Do I Need It? How Much Do I Need?

By: Doug Hall, Laurel Kubin, Jacque Miller, Judy McKenna

July 22, 2001

The purpose of this memo is to give you some things to think about as you make a decision about long-term care insurance. (Once you have addressed this issue for yourself, you will be better prepared to guide others in making their own decisions.)

Read fact sheet 9.152 “Long-Term Care Insurance” as you answer two main questions for yourself and your family:

  1. Am I likely to need long-term care, and
  2. Should I buy insurance to cover all or part of the costs?

Go to Also check the State of Colorado-Division of Insurance web site for Colorado information about long-term care policies.

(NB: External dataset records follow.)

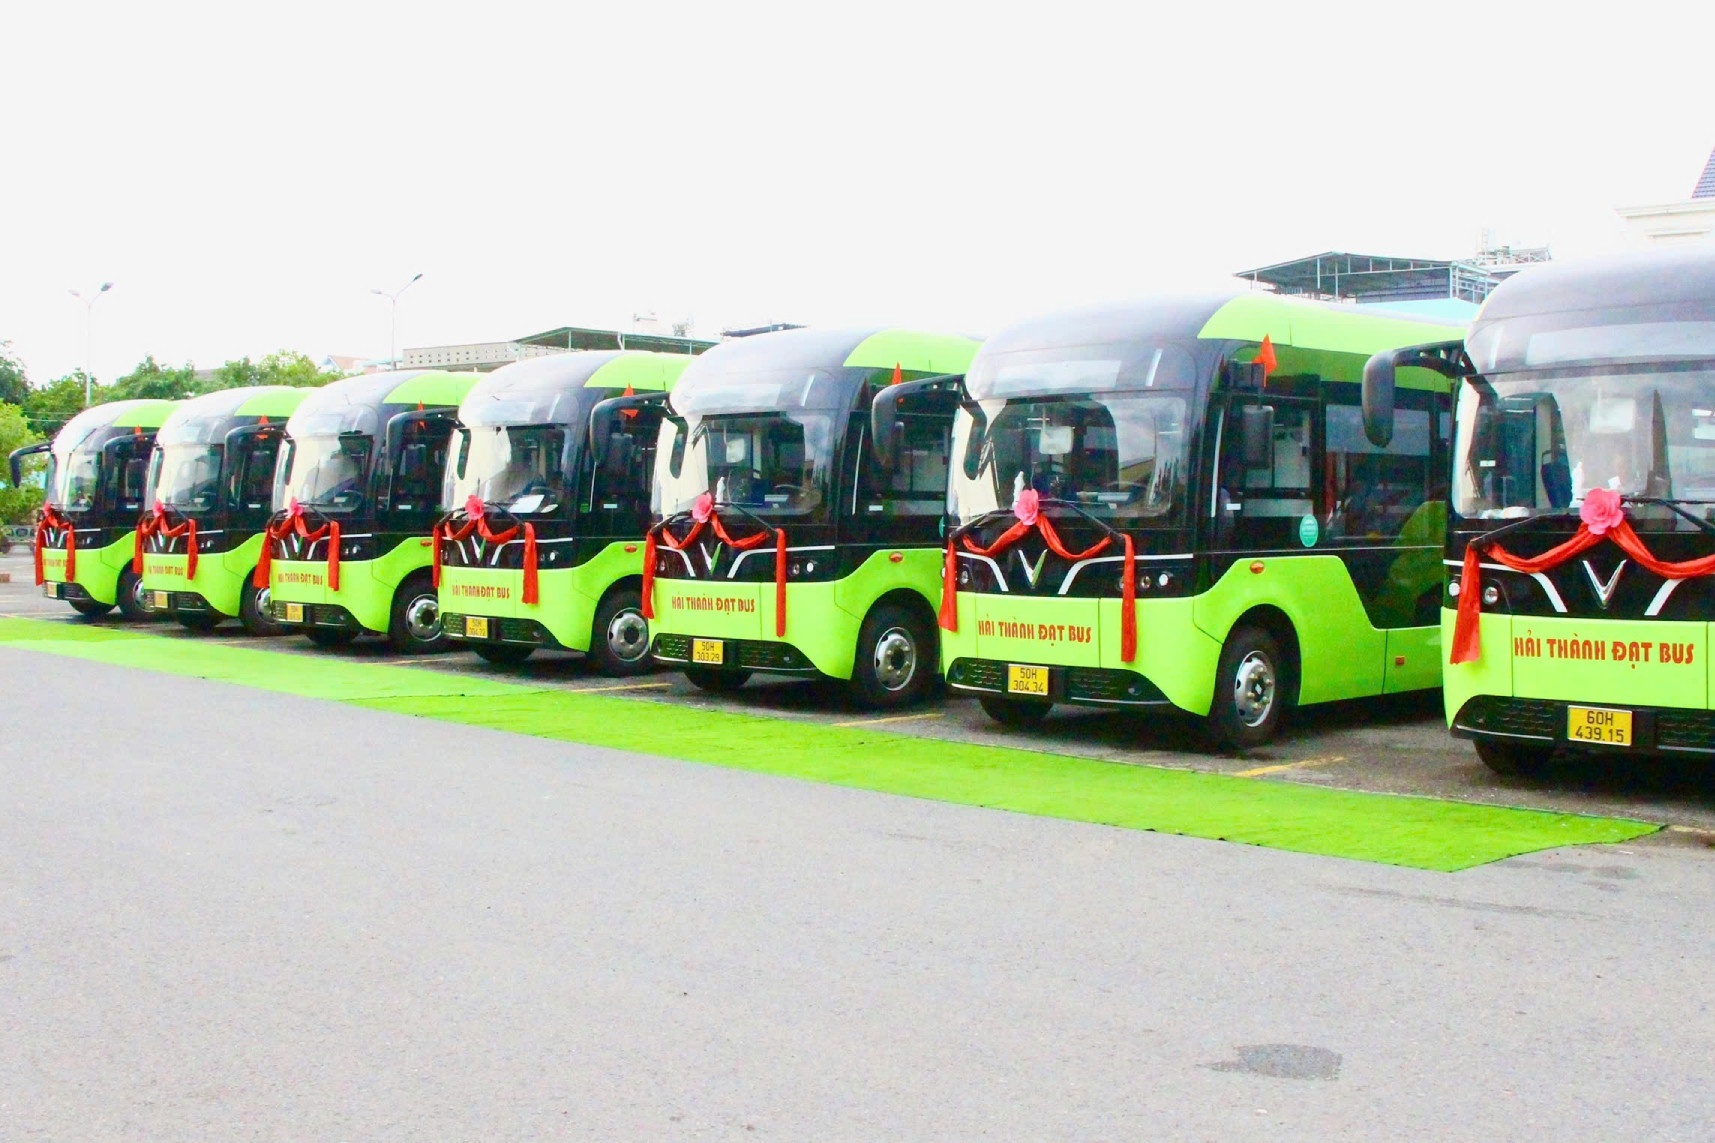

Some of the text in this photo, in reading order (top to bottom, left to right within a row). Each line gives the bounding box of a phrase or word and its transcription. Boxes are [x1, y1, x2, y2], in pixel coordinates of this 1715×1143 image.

[496, 586, 510, 599] BUS
[716, 597, 736, 616] ĐẠT
[738, 598, 755, 612] BUS
[978, 613, 1092, 646] HẢI THÀNH ĐẠT BUS
[702, 642, 714, 652] 50H
[1514, 630, 1694, 669] HẢI THÀNH ĐẠT BUS
[1020, 668, 1037, 680] 50H
[1013, 680, 1044, 692] 304.34
[1586, 710, 1614, 726] 60H
[1575, 726, 1624, 743] 439.15

The term “long-term care” refers to a wide range of services ranging from limited help with daily activities in your home to admission to a nursing home for intensive medical care and support. To some degree, your health insurance and Medicare (you must be 65+ years of age) will cover some of the costs of skilled care on a short-term basis. However, Medicare will pay nothing after 100 days. Anyone who experiences a chronic illness or is frail and cannot perform basic daily activities will need some type of long-term care.

Barbara O’Neill, family personal finance specialist at Rutgers University, tells us that the risk of long-term care can be dealt with in three ways:

  • Avoid it: hope for the best and try to stay healthy. Of course, there are no guarantees.
  • Retain it (self-insure): those with sufficient net worth, those with defined benefit plans and social security benefits that can be used to pay all or part of their care expenses, and people with no spouse and no heirs may choose to self-insure. Those with limited incomes will be covered by Medicaid (not Medicare).
  • Transfer it: buy a LTC policy and pay an insurance company to handle the risk.
  • Do it all: stay healthy, self-insure as much as you can, buy insurance to make up the difference.

The United Seniors Health Cooperative suggests that long-term care insurance may not be right for people with less than $35,000 in annual retirement income each and assets of less than $75,000 (not including your home).

Are you likely to need long-term care insurance?

No one knows for sure, so start by taking a look at your family health history. Do your family members tend to live into their 90s and 100s? (One out of four people age 85 or older lives in a nursing home). “A Profile of Older Americans: 2001” reported that in 1997 over 4.5 million people, 14.2 percent of those 65 and older had difficulty in carrying out activities of daily living (ADLs). This does not mean that 14 percent of this group is in a nursing home or is receiving home health care services, but they do need some help. Almost 35 percent of the over 80 population reported they had one or more severe disabilities.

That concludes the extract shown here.